(Annotated photo localization data)

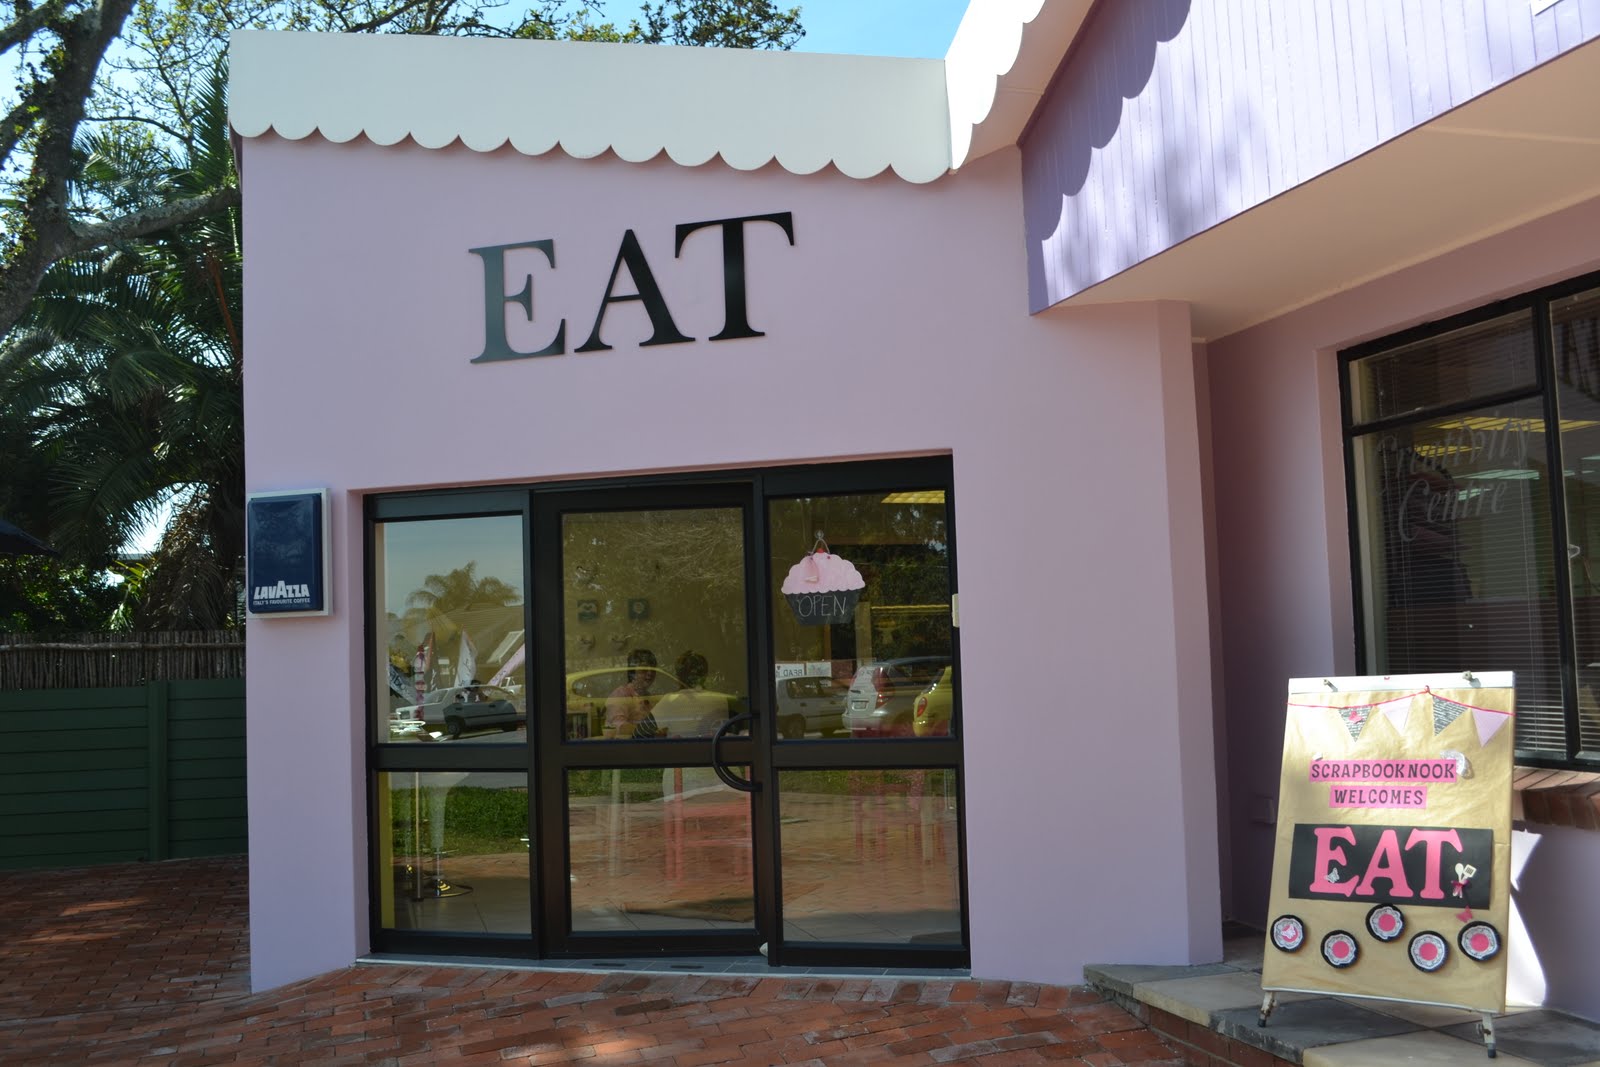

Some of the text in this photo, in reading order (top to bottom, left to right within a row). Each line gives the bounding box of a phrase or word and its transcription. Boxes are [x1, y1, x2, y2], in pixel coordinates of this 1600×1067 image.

[468, 211, 795, 364] EAT
[1400, 479, 1508, 542] Centre
[253, 580, 310, 600] LAVAZZA
[797, 594, 847, 617] OPEN
[1334, 789, 1424, 805] WELCOMES
[1309, 825, 1464, 900] EAT
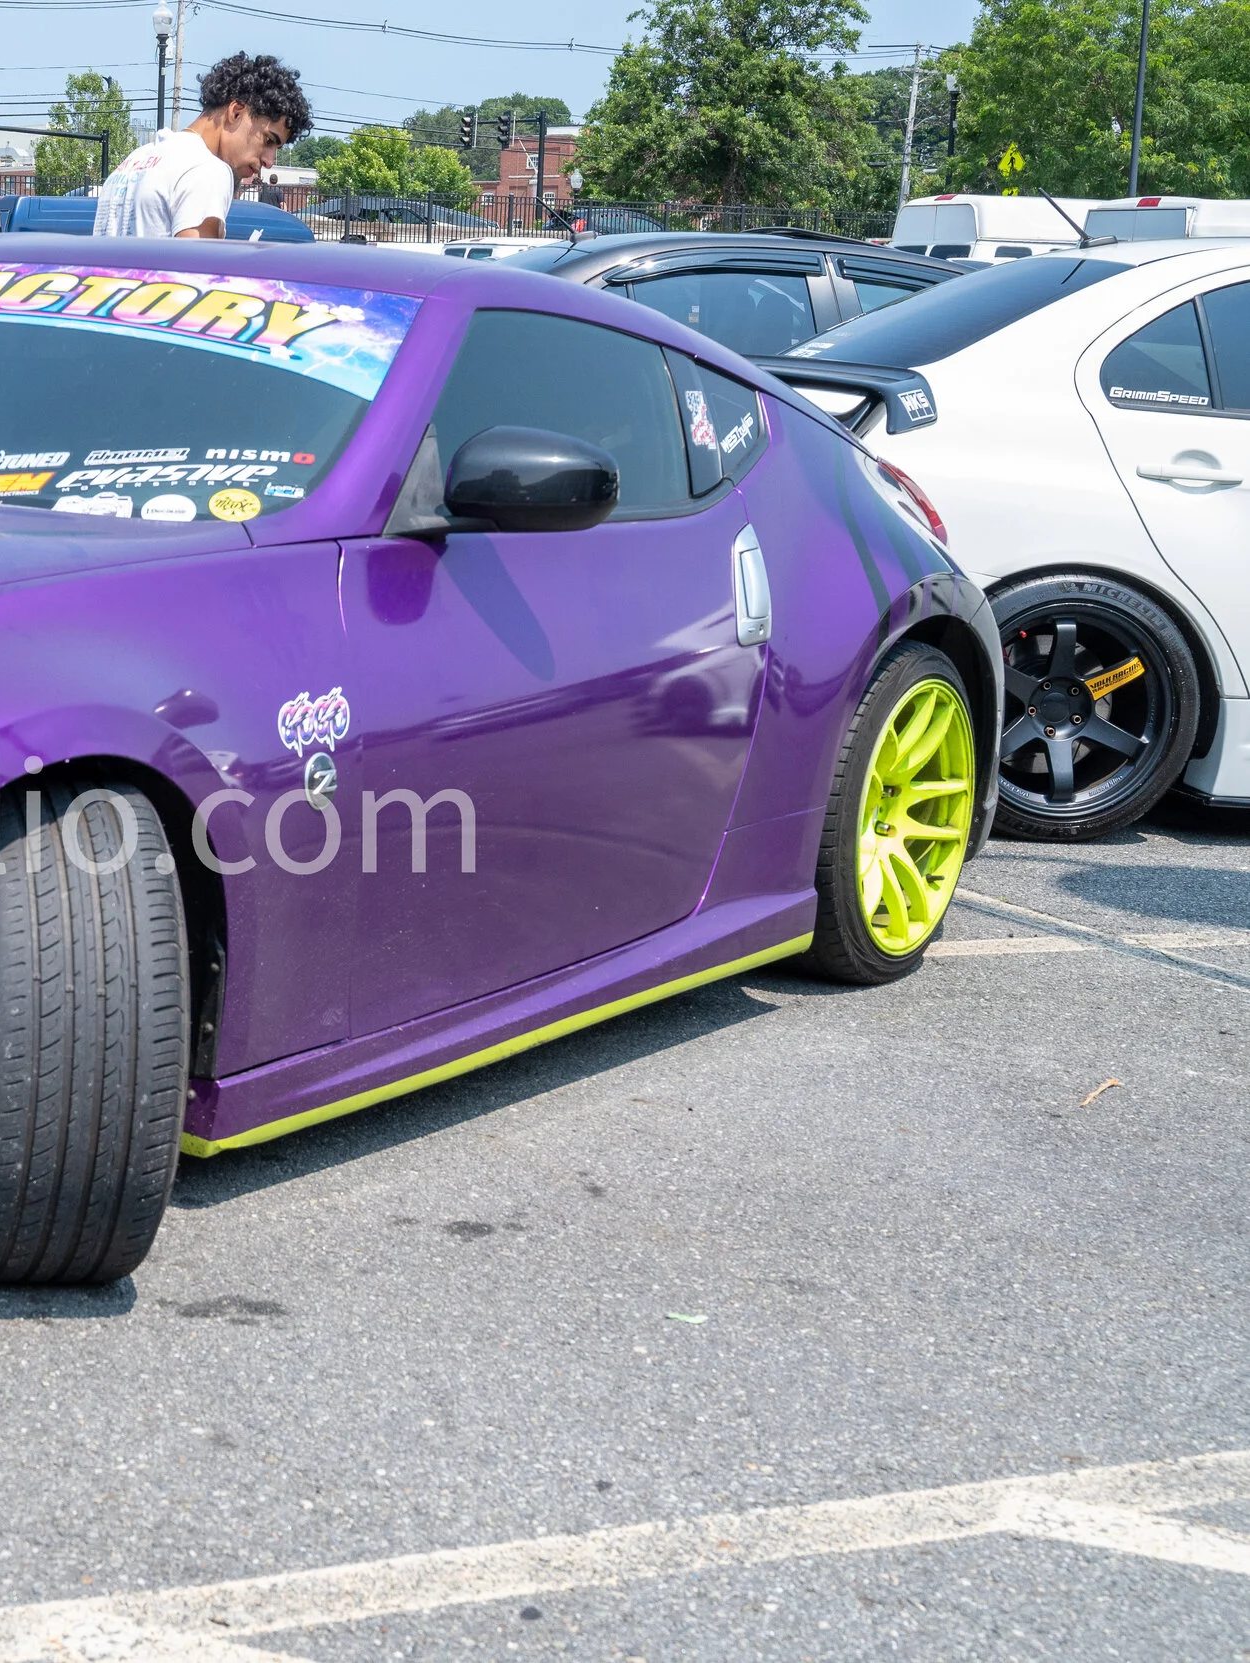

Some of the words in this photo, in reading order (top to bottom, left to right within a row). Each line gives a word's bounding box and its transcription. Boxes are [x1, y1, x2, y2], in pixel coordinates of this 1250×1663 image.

[899, 389, 932, 414] HKS
[205, 448, 316, 465] nismo
[1082, 583, 1168, 632] MICHELIN

Activity:
Would you return the entries verbatim, minus any images?

Response area:
Some of the text in this photo, in reading order (top to bottom, left to right within a row). Each line gives the bounding box of a phrase or word and its transcription. Boxes are [x1, y1, x2, y2], in pixel coordinates of this 1600×1067 image.

[468, 211, 795, 364] EAT
[1400, 479, 1508, 542] Centre
[253, 580, 310, 600] LAVAZZA
[797, 594, 847, 617] OPEN
[1334, 789, 1424, 805] WELCOMES
[1309, 825, 1464, 900] EAT

Some of the words in this photo, in reading order (top to bottom, left to right within a row). Each line gives a word's bounding box and its transcription. Boxes are [x1, y1, x2, y2], in pixel coordinates of this 1250×1663 image.

[899, 389, 932, 414] HKS
[205, 448, 316, 465] nismo
[1082, 583, 1168, 632] MICHELIN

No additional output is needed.